*** Block opens ***

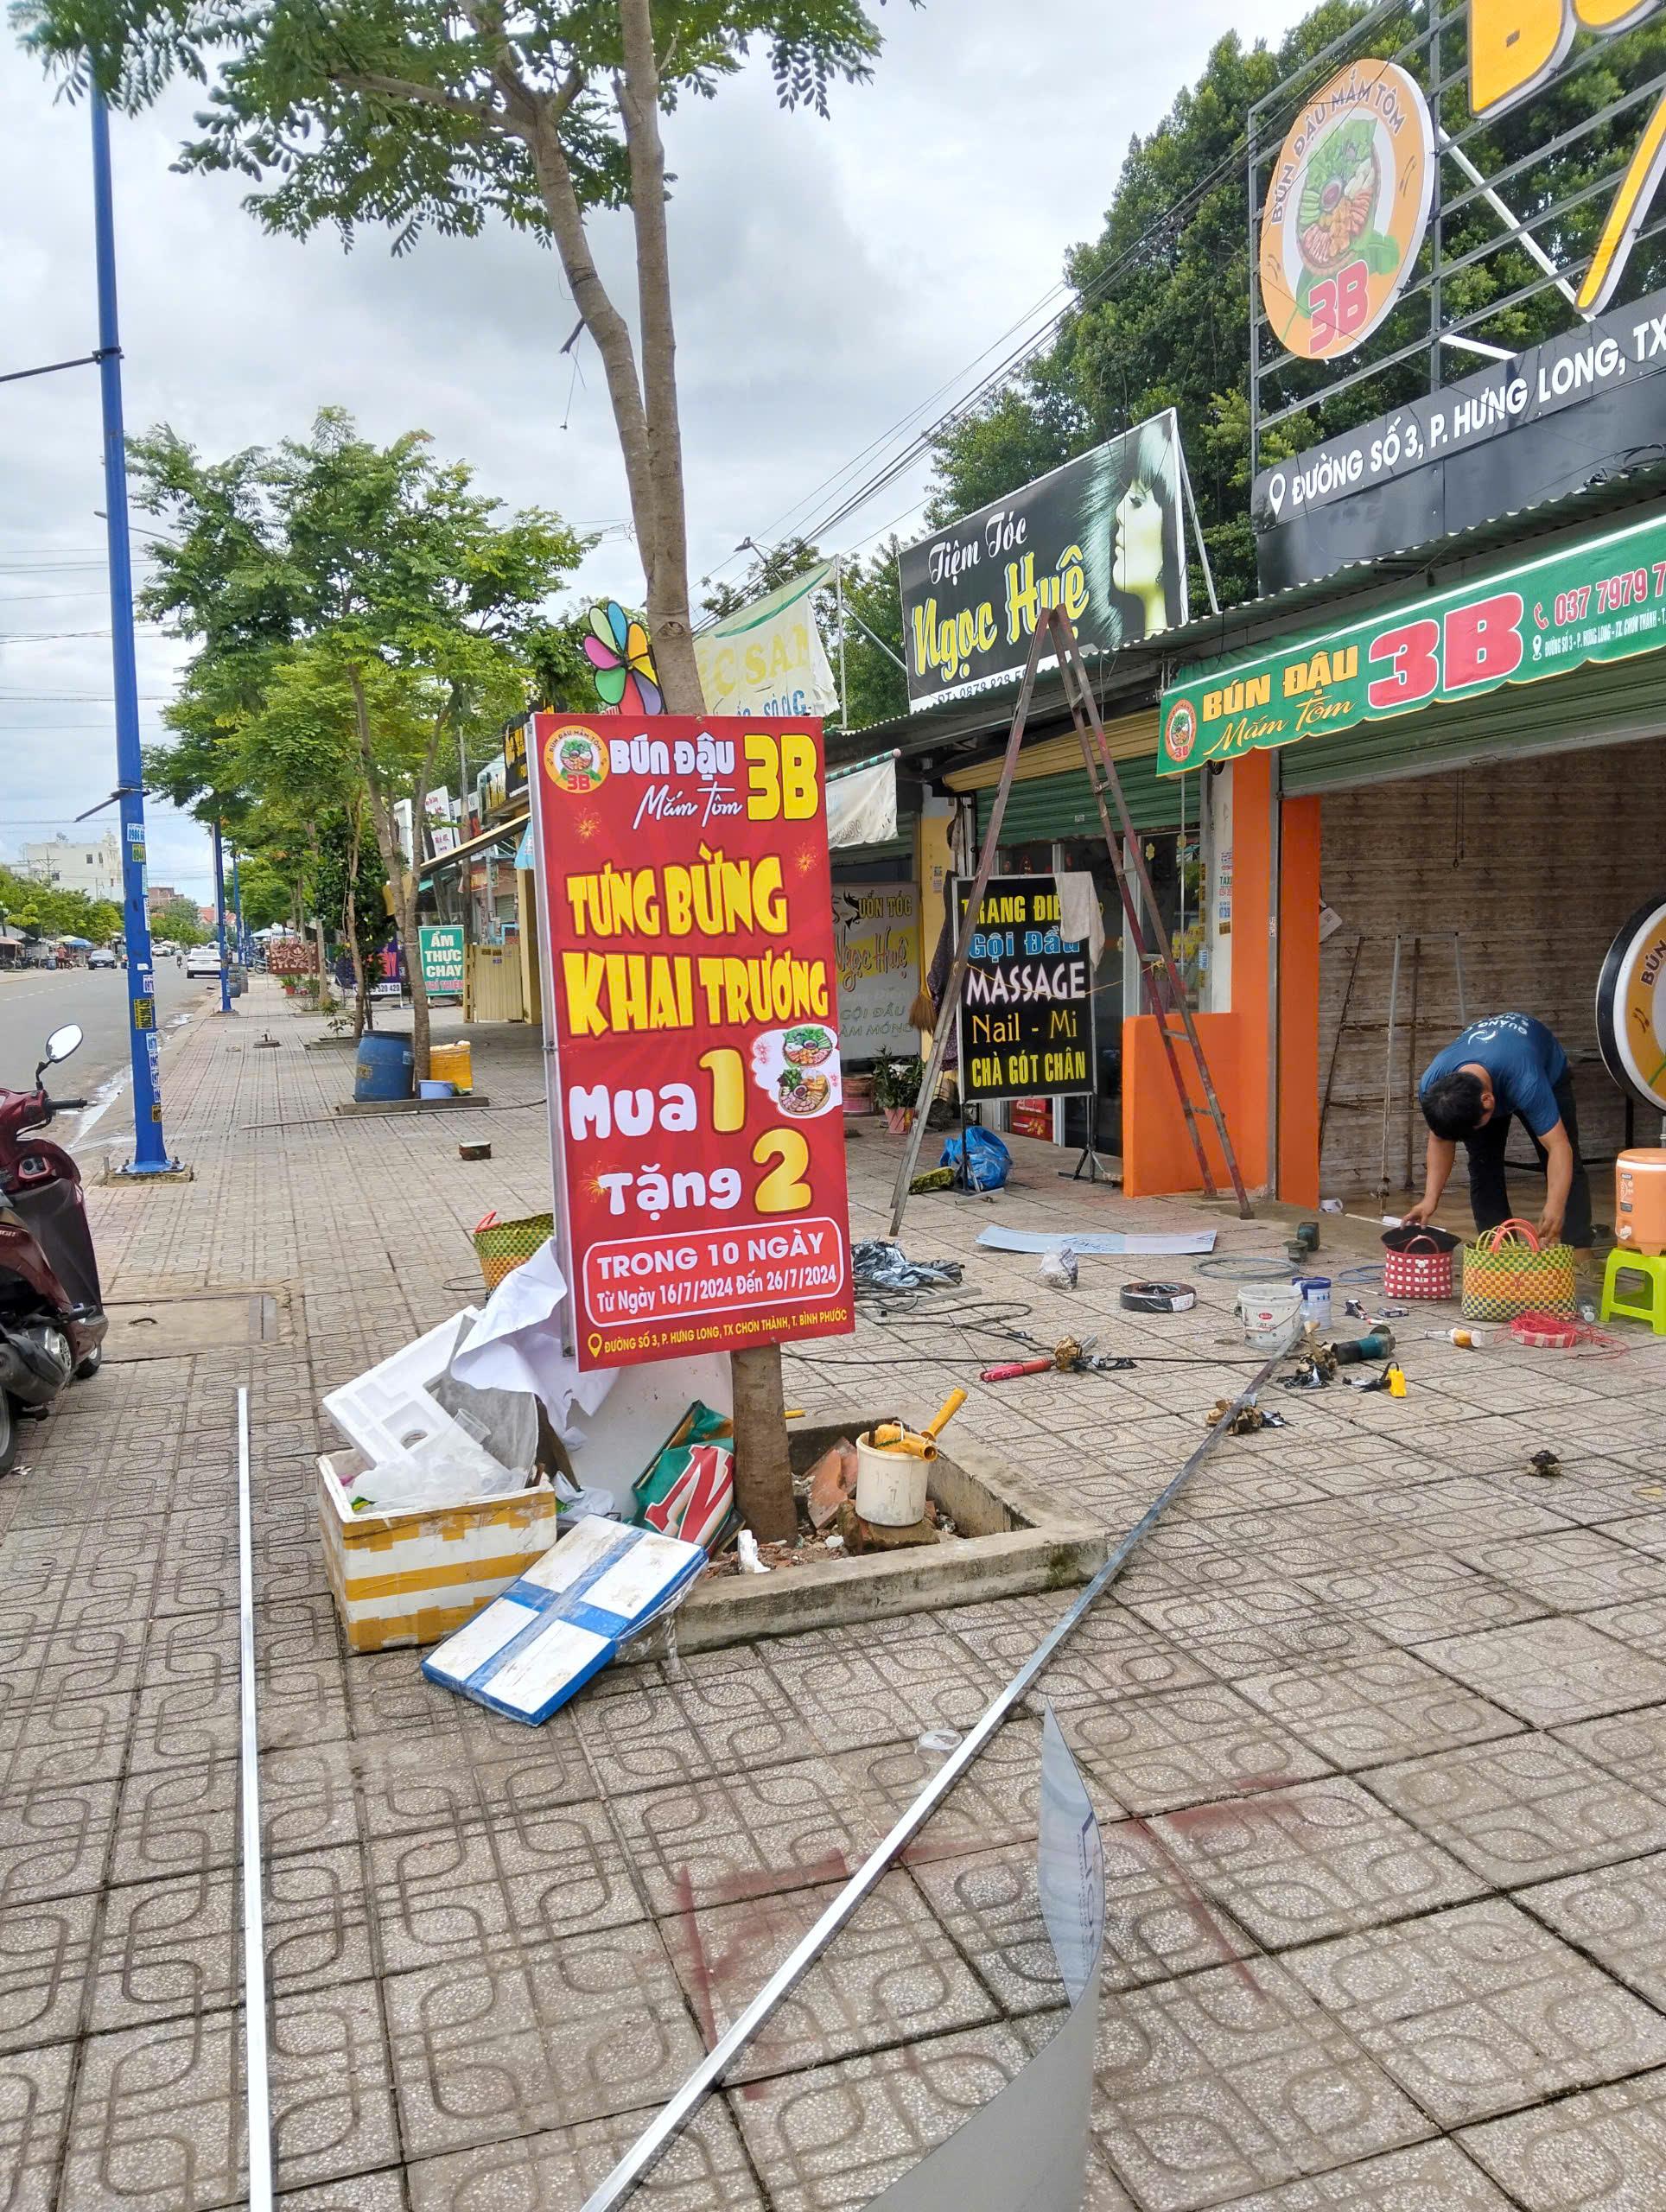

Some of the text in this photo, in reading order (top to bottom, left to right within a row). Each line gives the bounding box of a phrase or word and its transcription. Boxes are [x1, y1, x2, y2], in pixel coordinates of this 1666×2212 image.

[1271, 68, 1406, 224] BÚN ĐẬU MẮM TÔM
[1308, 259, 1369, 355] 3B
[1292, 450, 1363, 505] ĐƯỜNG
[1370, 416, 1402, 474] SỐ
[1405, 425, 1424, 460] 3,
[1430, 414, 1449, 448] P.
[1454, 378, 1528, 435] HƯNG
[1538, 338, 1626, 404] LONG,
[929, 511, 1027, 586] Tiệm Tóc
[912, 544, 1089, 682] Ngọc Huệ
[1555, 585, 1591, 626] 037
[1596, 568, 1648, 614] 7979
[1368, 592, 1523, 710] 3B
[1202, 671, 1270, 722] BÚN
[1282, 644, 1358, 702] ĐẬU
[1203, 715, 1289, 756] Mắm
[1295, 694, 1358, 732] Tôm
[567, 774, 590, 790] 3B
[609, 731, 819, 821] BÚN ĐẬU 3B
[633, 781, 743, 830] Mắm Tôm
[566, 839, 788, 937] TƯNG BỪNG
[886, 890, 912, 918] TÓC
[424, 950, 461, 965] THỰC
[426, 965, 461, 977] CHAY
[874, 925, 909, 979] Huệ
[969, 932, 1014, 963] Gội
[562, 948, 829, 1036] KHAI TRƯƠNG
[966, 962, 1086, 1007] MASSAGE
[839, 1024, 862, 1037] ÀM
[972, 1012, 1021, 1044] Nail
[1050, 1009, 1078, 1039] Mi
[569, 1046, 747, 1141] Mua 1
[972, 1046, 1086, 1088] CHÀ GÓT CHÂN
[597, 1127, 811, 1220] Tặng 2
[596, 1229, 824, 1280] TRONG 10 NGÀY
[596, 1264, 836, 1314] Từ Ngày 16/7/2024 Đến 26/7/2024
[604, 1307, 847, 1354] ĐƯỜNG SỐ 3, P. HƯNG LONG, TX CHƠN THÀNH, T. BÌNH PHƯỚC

*** Block closes ***

WHAT TO WORK ON
Read through the entries and copy every line that includes "HƯNG".

YOUR RESPONSE
[1454, 378, 1528, 435] HƯNG
[604, 1307, 847, 1354] ĐƯỜNG SỐ 3, P. HƯNG LONG, TX CHƠN THÀNH, T. BÌNH PHƯỚC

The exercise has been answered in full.